Re: [PATCH v5] diff.c: keep arrow(=>) on show_stats()'s shortened filename part to make rename visible.

Junio C Hamano <gitster@xxxxxxxxx> · Tue, 15 Oct 2013 15:54:35 -0700

Yoshioka Tsuneo <yoshiokatsuneo@xxxxxxxxx> writes:

> "git diff -M --stat" can detect rename and show renamed file name like
> "foofoofoo => barbarbar". But if destination filename is long, the line
> is shortened like "...barbarbar" so there is no way to know whether the
> file is renamed or existed in the source commit.

Is "destination" filename more special than the source filename?
Perhaps "s/if destination filename is/if filenames are/"?

	Note: I do not want you to reroll using the suggested
	wording without explanation; it may be possible that I am
	missing something obvious and do not understand why you
	singled out destination, in which case I'd rather see it
	explained better in the log message than the potentially
	suboptimal suggestion I made in the review without
	understanding the issue.
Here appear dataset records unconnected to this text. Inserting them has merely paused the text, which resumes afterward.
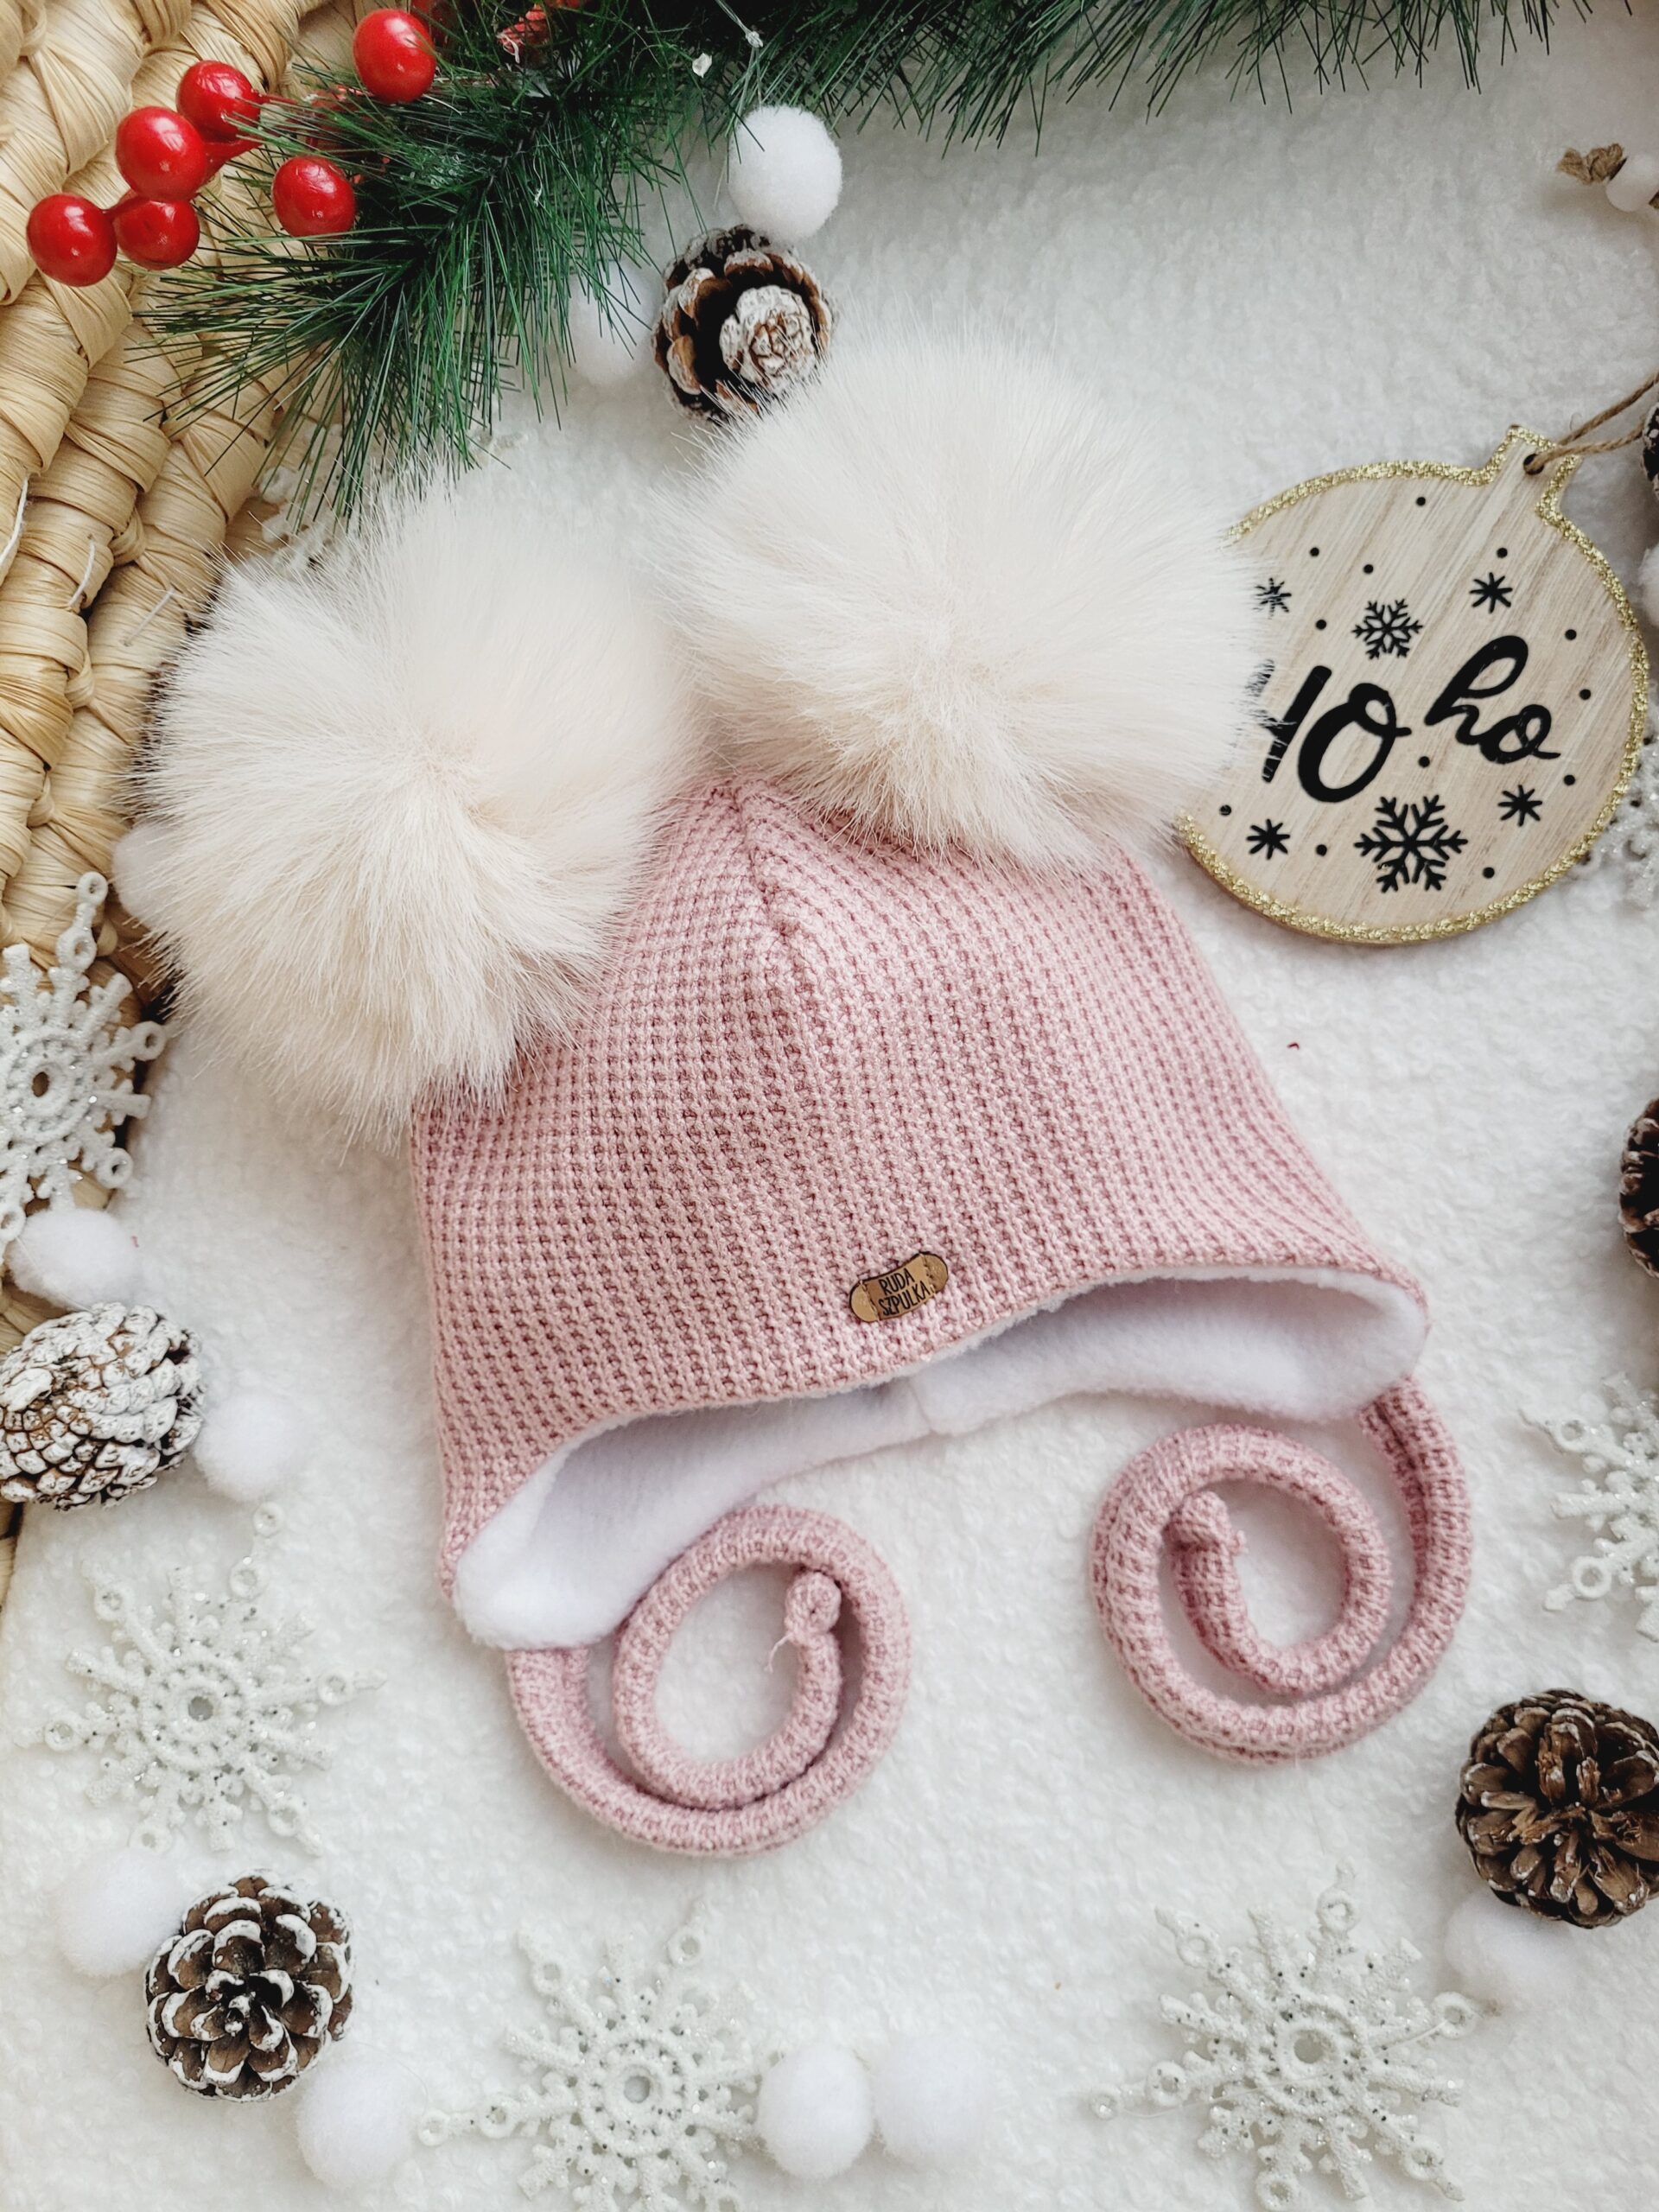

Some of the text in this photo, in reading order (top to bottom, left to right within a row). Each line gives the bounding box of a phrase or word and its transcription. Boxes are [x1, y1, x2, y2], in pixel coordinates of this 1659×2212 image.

[1424, 635, 1560, 764] ho
[878, 1268, 915, 1296] RUDA
[878, 1281, 931, 1316] SZPULKA
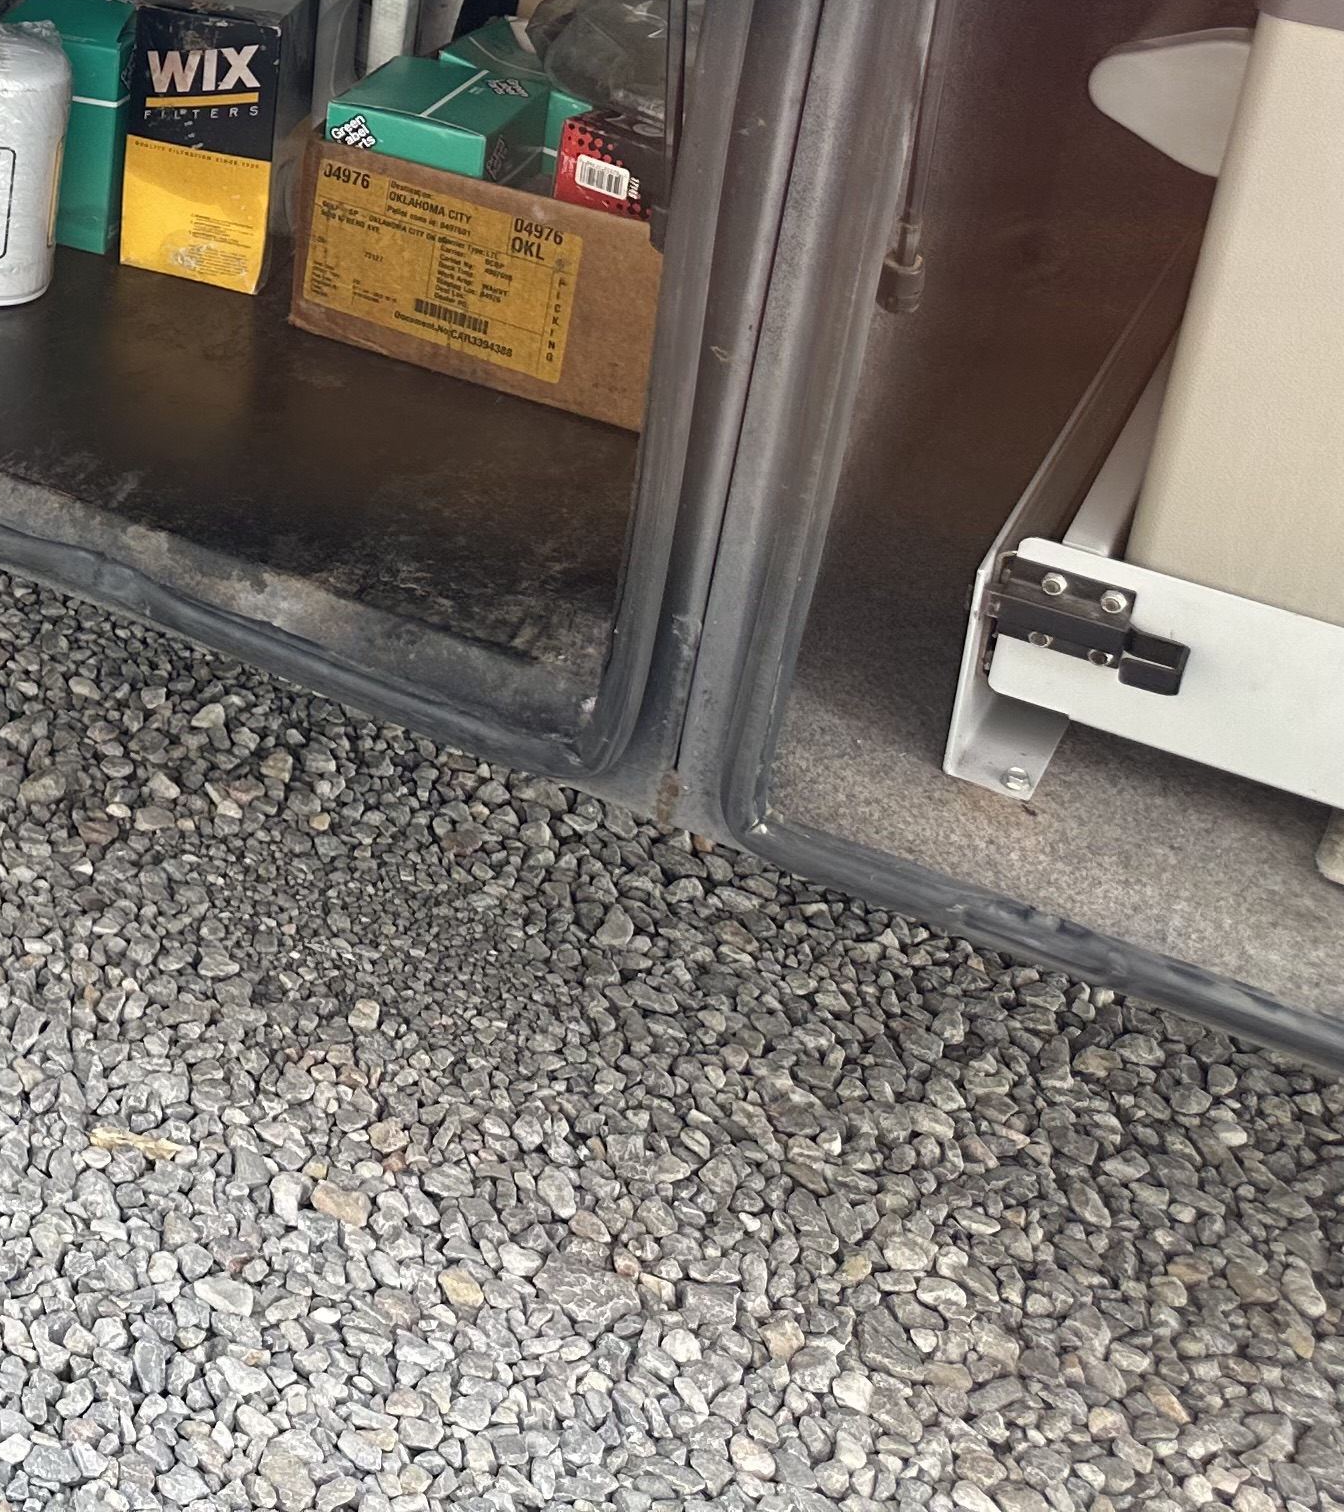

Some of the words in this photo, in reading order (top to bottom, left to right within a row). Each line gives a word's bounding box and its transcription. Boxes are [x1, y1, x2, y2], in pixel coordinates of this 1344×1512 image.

[147, 44, 261, 93] WIX
[144, 105, 259, 120] FILTERS
[331, 115, 366, 139] Green
[343, 124, 370, 145] abel
[389, 191, 445, 217] OKLAHOMA
[448, 209, 472, 224] CITY
[513, 218, 564, 245] 04976
[511, 236, 545, 262] OKL
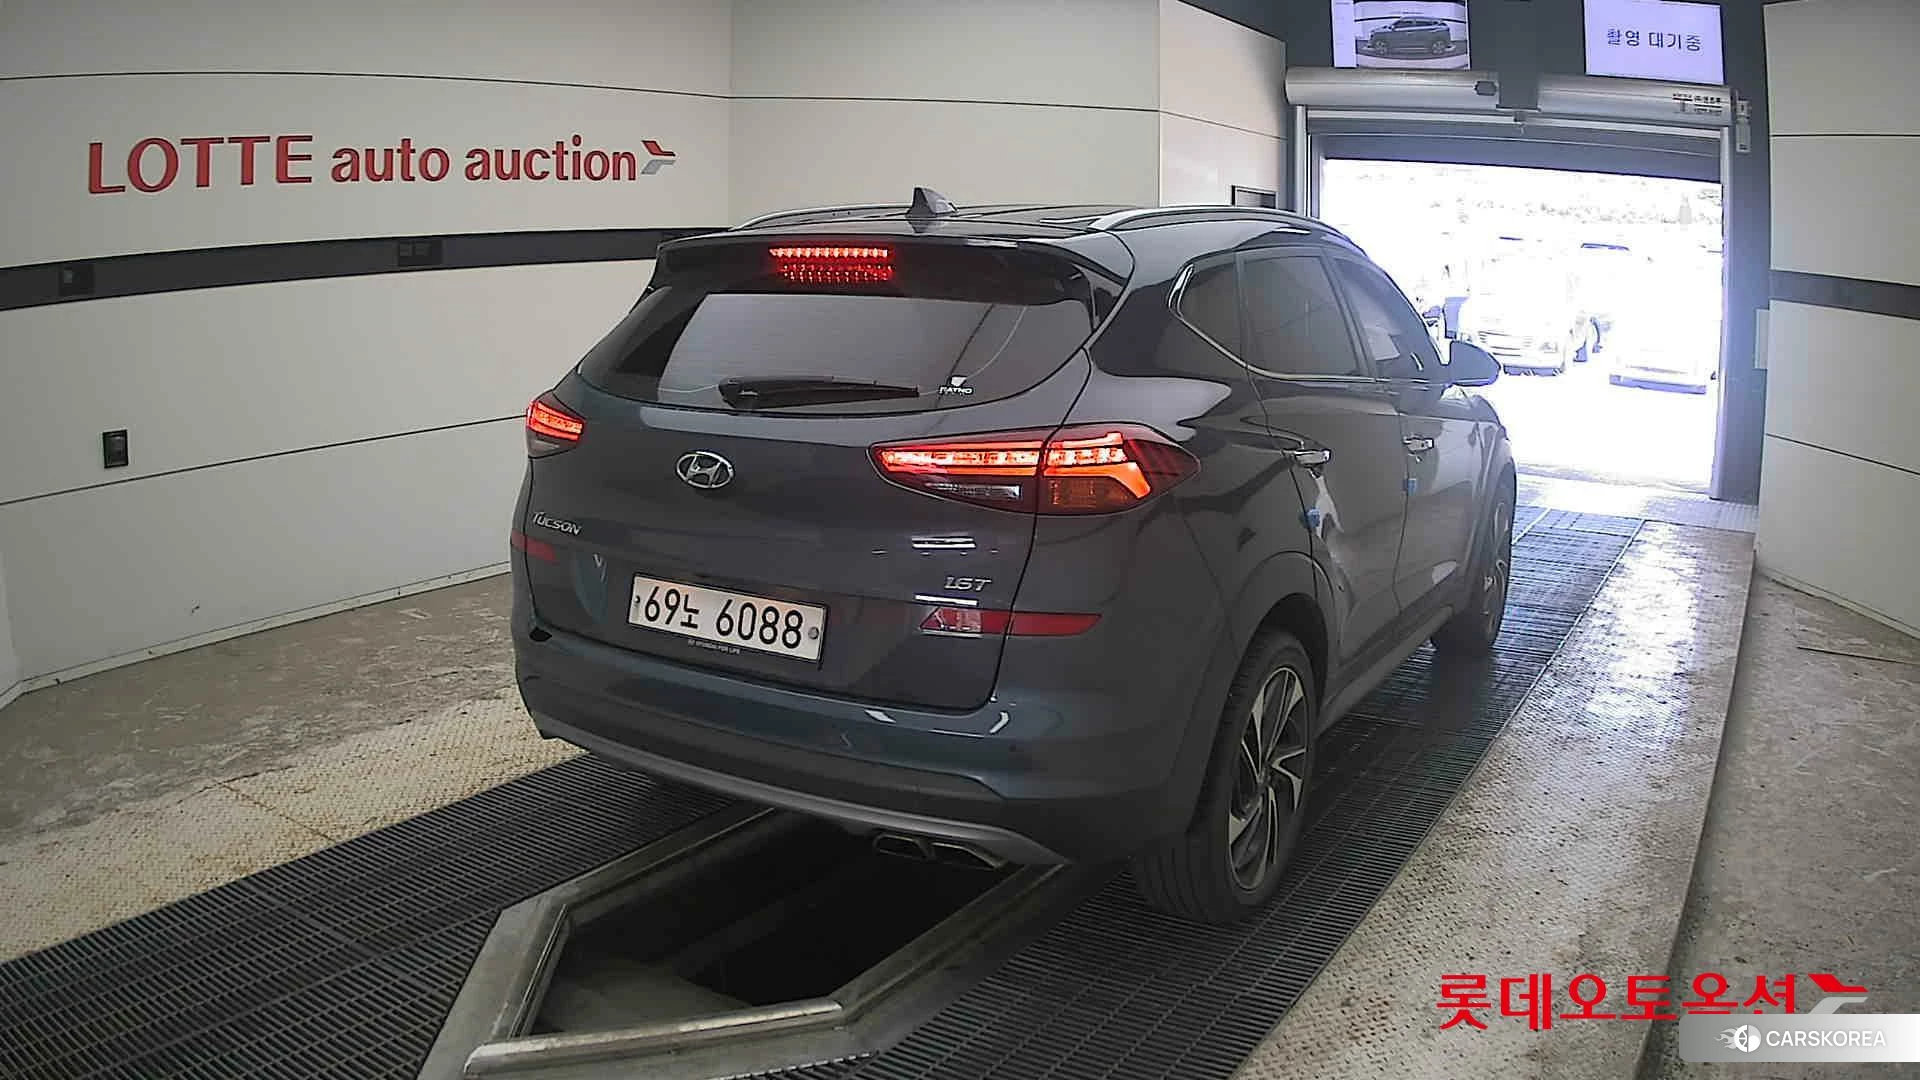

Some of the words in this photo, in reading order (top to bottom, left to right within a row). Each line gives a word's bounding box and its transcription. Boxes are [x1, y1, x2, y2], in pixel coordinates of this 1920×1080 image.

Of course, it is possible that you
	want to do the same when source is overlong, in which case
	you can just say "Yeah, you're right; will reroll".

        The above applies to all the other comments in this message.

Also "s/source commit/original/".  You may not be comparing two
commits after all.

> Make sure there is always an arrow, like "...foo => ...bar".
> The output can contains curly braces('{','}') for grouping.

s/contains/contain/;

> So, in general, the outpu format is "<pfx>{<mid_a> => <mid_b>}<sfx>"

s/outpu/&t/;

> To keep arrow("=>"), try to omit <pfx> as long as possible at first
> because later part or changing part will be the more important part.
> If it is not enough, shorten <mid_a>, <mid_b>, and <sfx> trying to
> have the maximum length the same because those will be equaly important.

A sound reasoning.

> Signed-off-by: Tsuneo Yoshioka <yoshiokatsuneo@xxxxxxxxx>
> Test-added-by: Thomas Rast <trast@xxxxxxxxxxx>
> ---
>  diff.c                 | 187 +++++++++++++++++++++++++++++++++++++++++++------
>  t/t4001-diff-rename.sh |  12 ++++
>  2 files changed, 177 insertions(+), 22 deletions(-)
>
> diff --git a/diff.c b/diff.c
> index a04a34d..cf50807 100644
> --- a/diff.c
> +++ b/diff.c
> @@ -1258,11 +1258,12 @@ static void fn_out_consume(void *priv, char *line, unsigned long len)
>  	}
>  }
>  
> -static char *pprint_rename(const char *a, const char *b)
> +static void pprint_rename_find_common_prefix_suffix(const char *a, const char *b
> +													, struct strbuf *pfx, struct strbuf *a_mid
> +													, struct strbuf *b_mid, struct strbuf *sfx)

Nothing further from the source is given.